• _Exercise directions_: Reproduce the data exactly as given, except for any images.

• _Given records_:
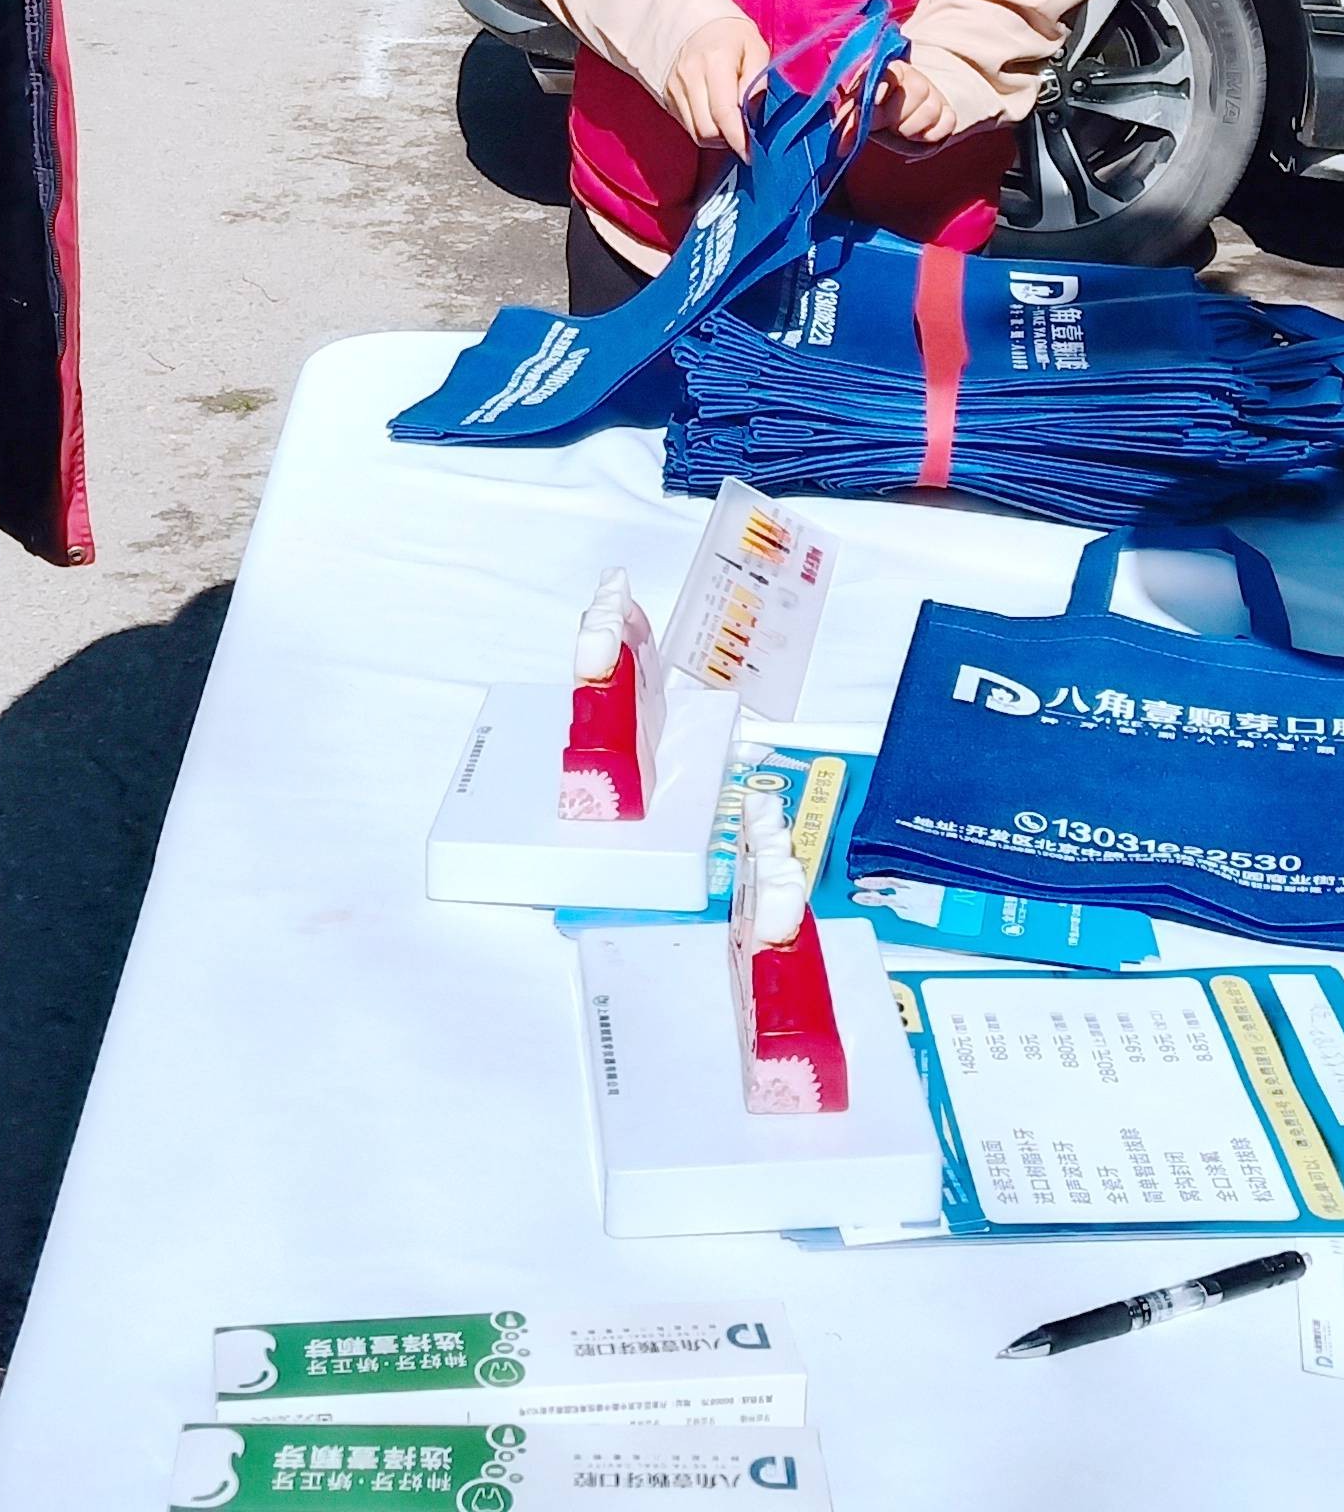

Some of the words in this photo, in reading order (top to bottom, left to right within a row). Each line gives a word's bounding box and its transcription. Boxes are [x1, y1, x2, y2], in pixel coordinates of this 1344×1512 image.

[1182, 726, 1242, 737] ORAL
[1247, 731, 1327, 743] CAVITY
[1019, 1034, 1042, 1061] 38元
[981, 1140, 1019, 1204] 全瓷牙贴面
[1013, 1128, 1056, 1205] 进口树脂补牙
[1052, 1140, 1093, 1205] 超声波洁牙
[1120, 1127, 1165, 1203] 简单智齿拔除
[1164, 1151, 1203, 1202] 窝沟封闭
[1230, 1137, 1275, 1202] 松动牙拔除
[1096, 1165, 1129, 1204] 全瓷牙
[303, 1331, 465, 1358] 选择壹颗芽
[574, 1336, 721, 1357] 八角壹颗芽口腔
[306, 1351, 467, 1375] 种好牙·矫正牙
[273, 1445, 452, 1471] 选择壹颗芽
[272, 1470, 452, 1493] 种好牙·矫正牙
[574, 1472, 741, 1489] 八角壹颗芽口腔

• _Answer section_:
Some of the words in this photo, in reading order (top to bottom, left to right within a row). Each line gives a word's bounding box and its transcription. Boxes are [x1, y1, x2, y2], in pixel coordinates of this 1344×1512 image.

[1182, 726, 1242, 737] ORAL
[1247, 731, 1327, 743] CAVITY
[1019, 1034, 1042, 1061] 38元
[981, 1140, 1019, 1204] 全瓷牙贴面
[1013, 1128, 1056, 1205] 进口树脂补牙
[1052, 1140, 1093, 1205] 超声波洁牙
[1120, 1127, 1165, 1203] 简单智齿拔除
[1164, 1151, 1203, 1202] 窝沟封闭
[1230, 1137, 1275, 1202] 松动牙拔除
[1096, 1165, 1129, 1204] 全瓷牙
[303, 1331, 465, 1358] 选择壹颗芽
[574, 1336, 721, 1357] 八角壹颗芽口腔
[306, 1351, 467, 1375] 种好牙·矫正牙
[273, 1445, 452, 1471] 选择壹颗芽
[272, 1470, 452, 1493] 种好牙·矫正牙
[574, 1472, 741, 1489] 八角壹颗芽口腔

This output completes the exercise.